::: Exercise materials
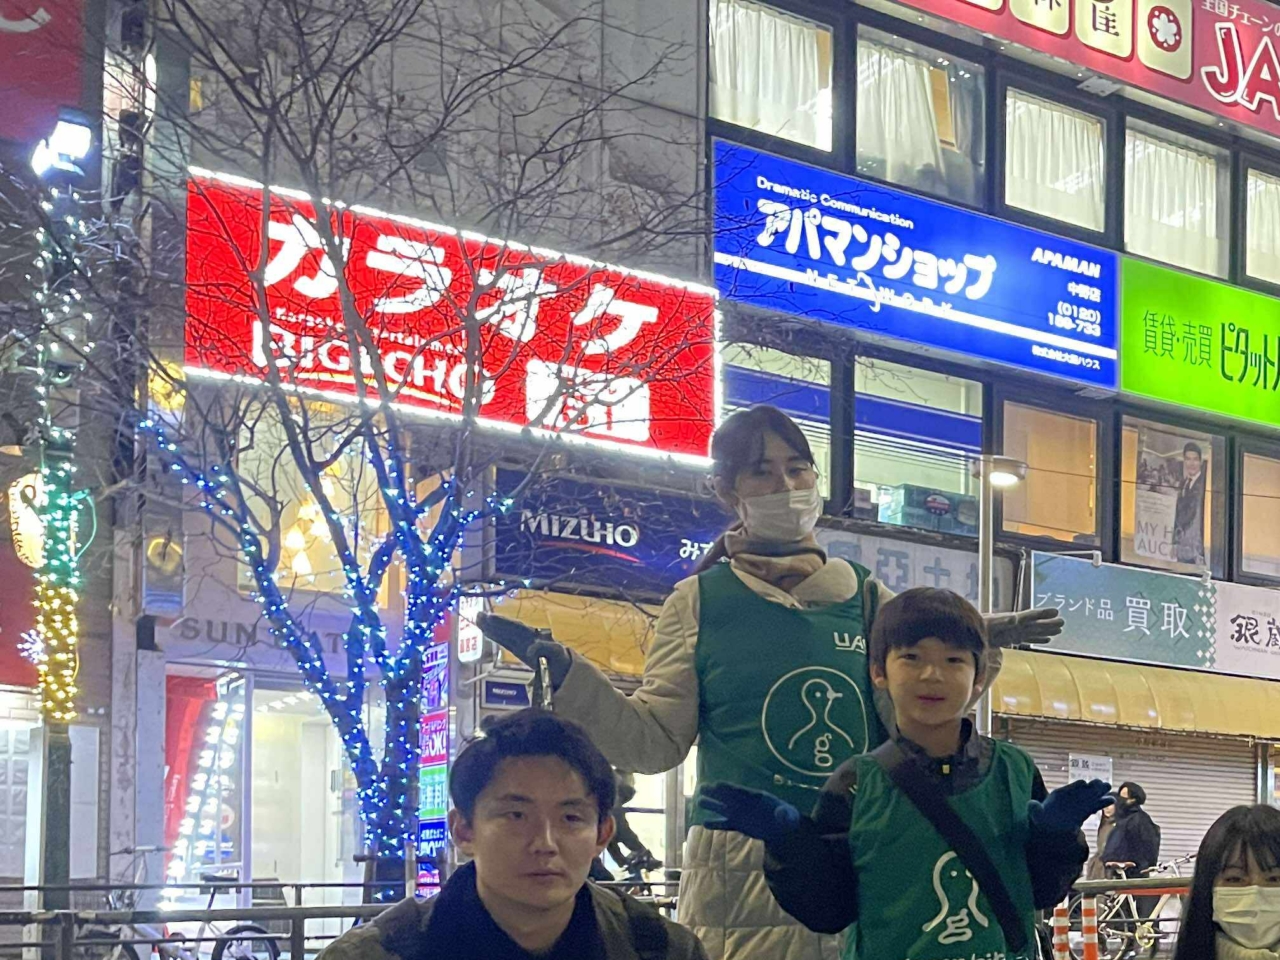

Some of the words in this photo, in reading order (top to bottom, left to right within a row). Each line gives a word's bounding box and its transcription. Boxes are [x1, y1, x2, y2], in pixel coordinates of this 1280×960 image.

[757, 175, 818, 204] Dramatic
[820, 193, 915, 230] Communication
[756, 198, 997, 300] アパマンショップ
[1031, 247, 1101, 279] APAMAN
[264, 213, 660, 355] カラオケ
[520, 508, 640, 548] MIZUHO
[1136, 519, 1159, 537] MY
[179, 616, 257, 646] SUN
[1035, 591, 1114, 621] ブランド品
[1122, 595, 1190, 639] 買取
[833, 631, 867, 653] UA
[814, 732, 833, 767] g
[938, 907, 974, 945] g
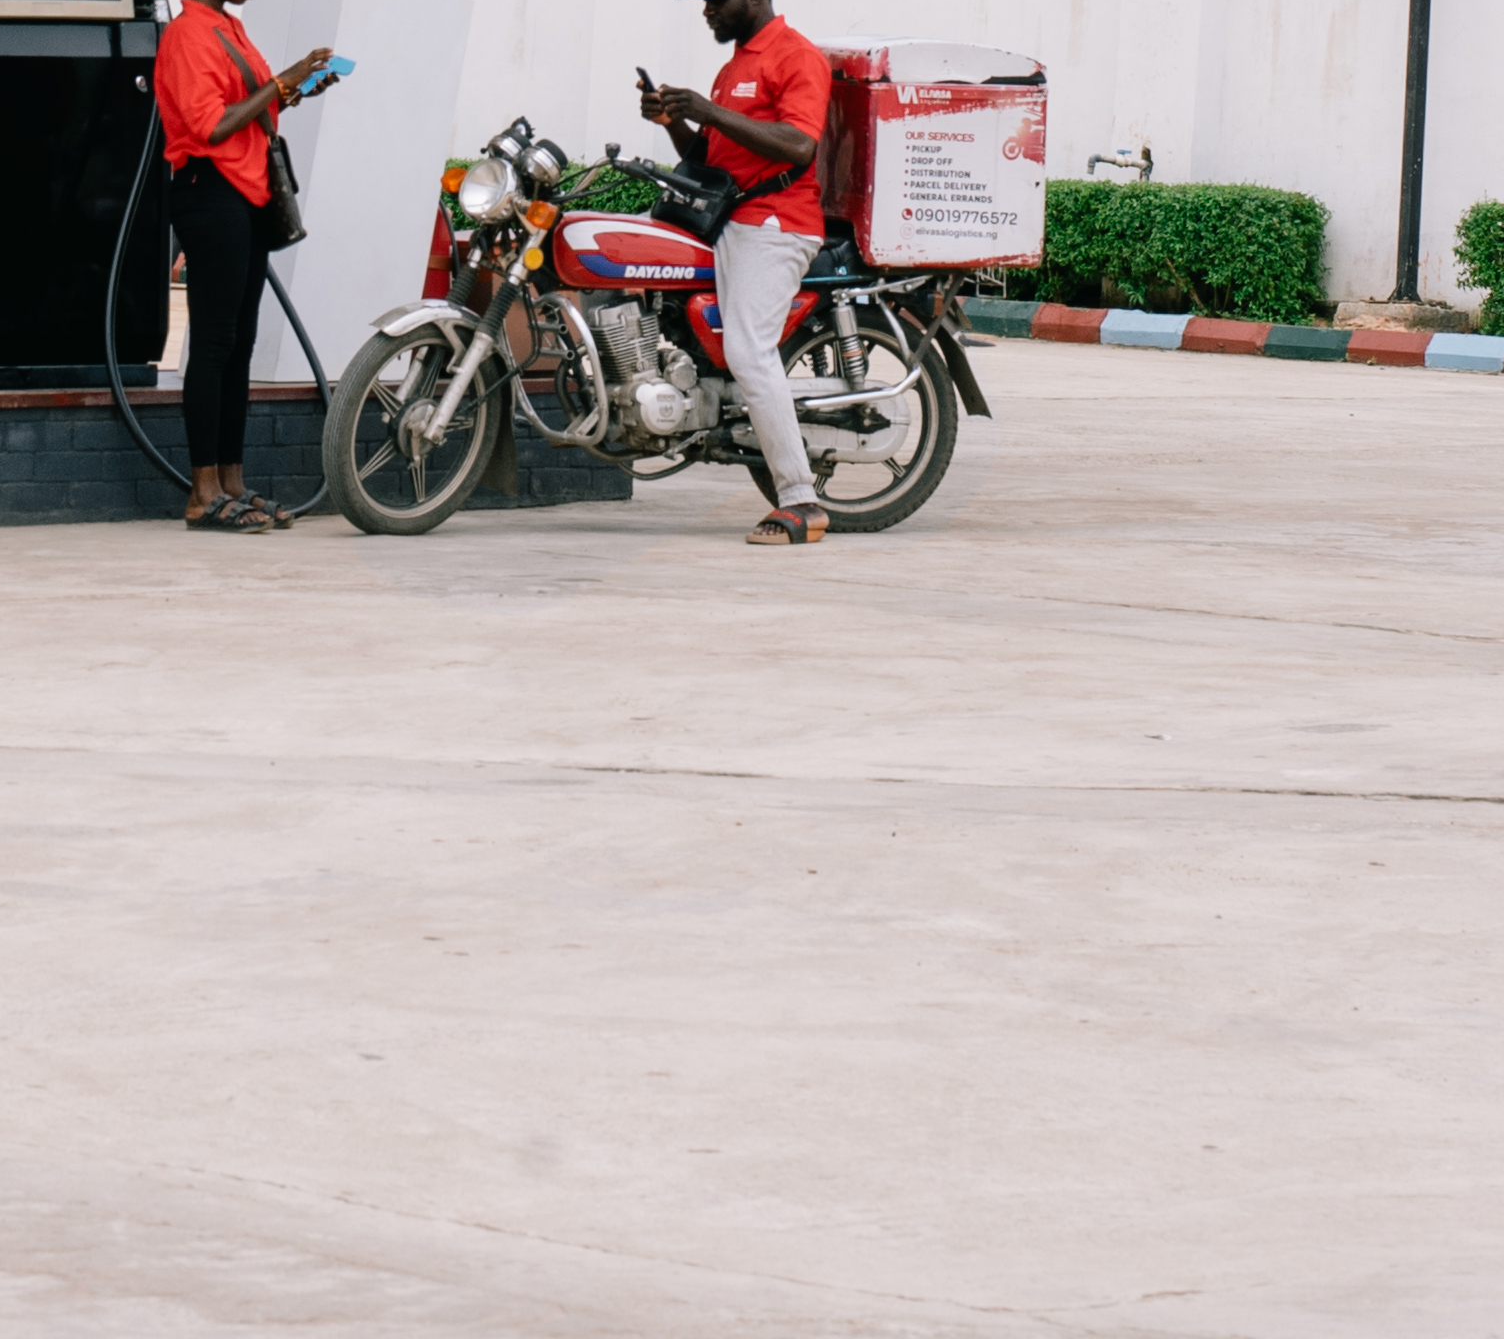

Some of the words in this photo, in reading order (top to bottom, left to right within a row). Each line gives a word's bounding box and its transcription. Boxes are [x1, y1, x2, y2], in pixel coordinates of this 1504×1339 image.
::::::
- **Task details**:
Rewrite the data above exactly as given, but omit the images.

- **Exercise result**:
Some of the words in this photo, in reading order (top to bottom, left to right within a row). Each line gives a word's bounding box and its transcription. Boxes are [x1, y1, x2, y2], in pixel coordinates of this 1280×960 image.

[757, 175, 818, 204] Dramatic
[820, 193, 915, 230] Communication
[756, 198, 997, 300] アパマンショップ
[1031, 247, 1101, 279] APAMAN
[264, 213, 660, 355] カラオケ
[520, 508, 640, 548] MIZUHO
[1136, 519, 1159, 537] MY
[179, 616, 257, 646] SUN
[1035, 591, 1114, 621] ブランド品
[1122, 595, 1190, 639] 買取
[833, 631, 867, 653] UA
[814, 732, 833, 767] g
[938, 907, 974, 945] g

Some of the words in this photo, in reading order (top to bottom, left to right within a row). Each line gives a word's bounding box and its transcription. Boxes are [x1, y1, x2, y2], in pixel coordinates of this 1504×1339 image.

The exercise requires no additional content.